[TASK REQUIREMENTS]
Each line of the data must be given back verbatim, with pictures removed.

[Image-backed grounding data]
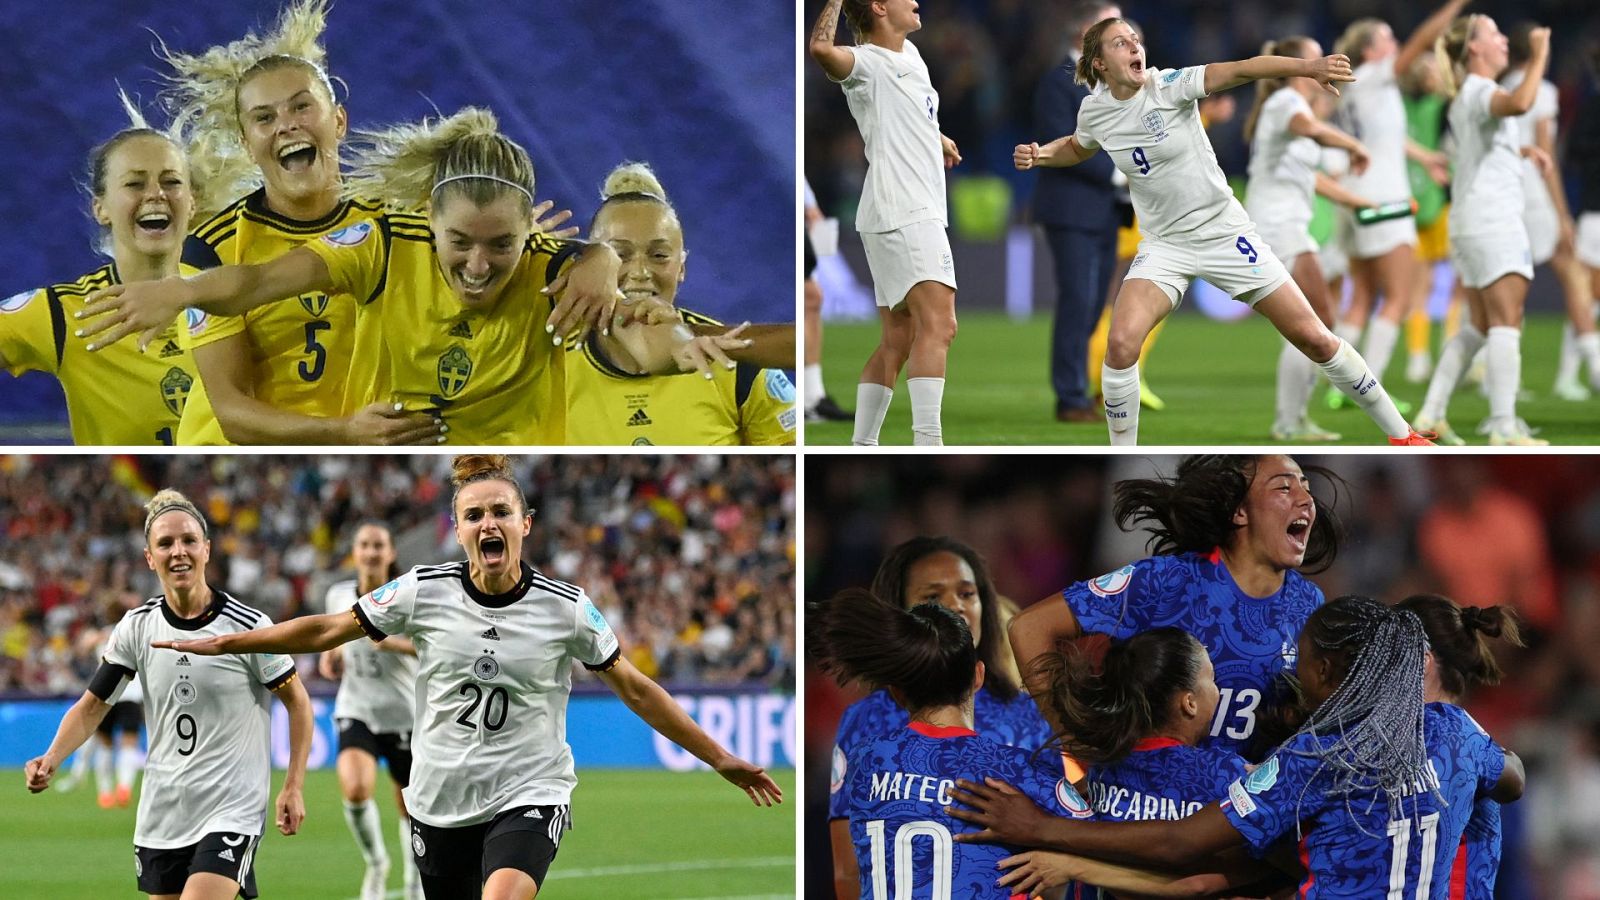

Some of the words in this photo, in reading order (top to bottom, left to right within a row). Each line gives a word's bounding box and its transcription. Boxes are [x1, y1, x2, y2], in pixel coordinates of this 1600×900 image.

[1131, 147, 1151, 175] 9
[1236, 236, 1258, 263] 9
[298, 320, 331, 382] 5
[456, 683, 509, 731] 20
[1209, 688, 1262, 740] 13
[176, 713, 197, 756] 9
[866, 819, 953, 900] 10
[1386, 811, 1440, 900] 11

[RESULT]
Some of the words in this photo, in reading order (top to bottom, left to right within a row). Each line gives a word's bounding box and its transcription. Boxes are [x1, y1, x2, y2], in pixel coordinates of this 1600×900 image.

[1131, 147, 1151, 175] 9
[1236, 236, 1258, 263] 9
[298, 320, 331, 382] 5
[456, 683, 509, 731] 20
[1209, 688, 1262, 740] 13
[176, 713, 197, 756] 9
[866, 819, 953, 900] 10
[1386, 811, 1440, 900] 11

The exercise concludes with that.